• Exercise objective:
Since the copy must match the original, write out each record word for word, skipping only the pictures.
** Exercise data follows **
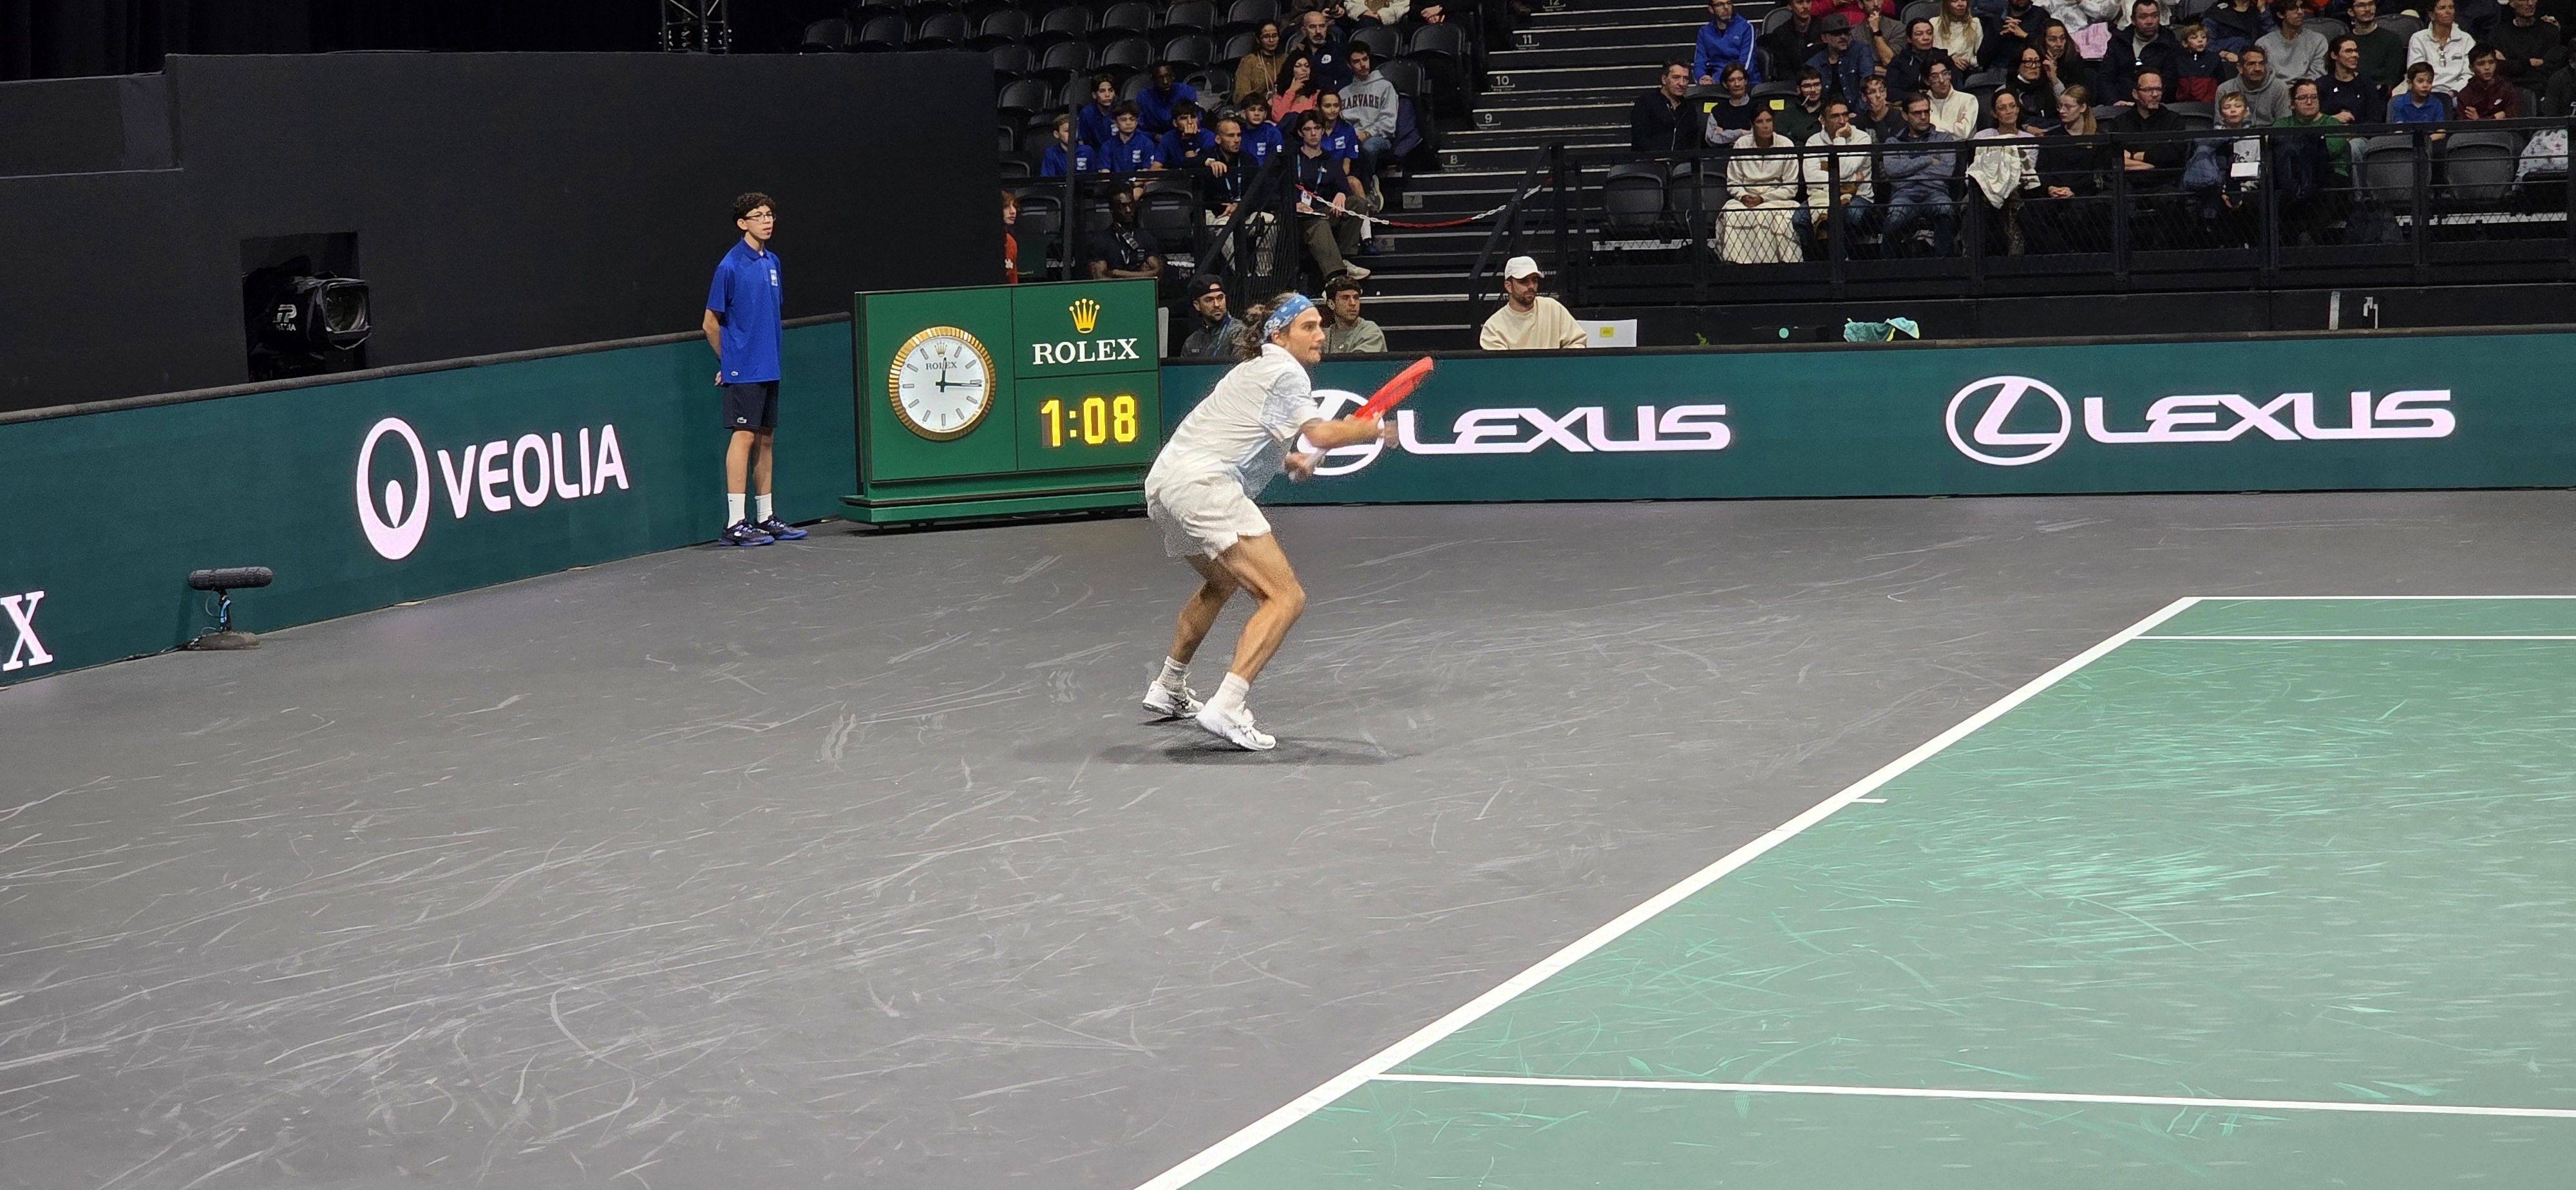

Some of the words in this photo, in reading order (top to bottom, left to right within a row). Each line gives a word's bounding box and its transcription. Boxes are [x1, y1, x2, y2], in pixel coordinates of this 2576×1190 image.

[1522, 35, 1532, 44] 11
[1495, 75, 1510, 85] 10
[1484, 113, 1493, 123] 9
[1450, 155, 1458, 164] 8
[1032, 338, 1140, 365] ROLEX
[1041, 395, 1136, 447] 1:08
[1396, 404, 1731, 455] LEXUS
[2083, 389, 2456, 444] LEXUS
[437, 424, 629, 519] VEOLIA
[0, 590, 53, 672] X
** End of Exercise data **
• Response area:
Some of the words in this photo, in reading order (top to bottom, left to right within a row). Each line gives a word's bounding box and its transcription. Boxes are [x1, y1, x2, y2], in pixel coordinates of this 2576×1190 image.

[1522, 35, 1532, 44] 11
[1495, 75, 1510, 85] 10
[1484, 113, 1493, 123] 9
[1450, 155, 1458, 164] 8
[1032, 338, 1140, 365] ROLEX
[1041, 395, 1136, 447] 1:08
[1396, 404, 1731, 455] LEXUS
[2083, 389, 2456, 444] LEXUS
[437, 424, 629, 519] VEOLIA
[0, 590, 53, 672] X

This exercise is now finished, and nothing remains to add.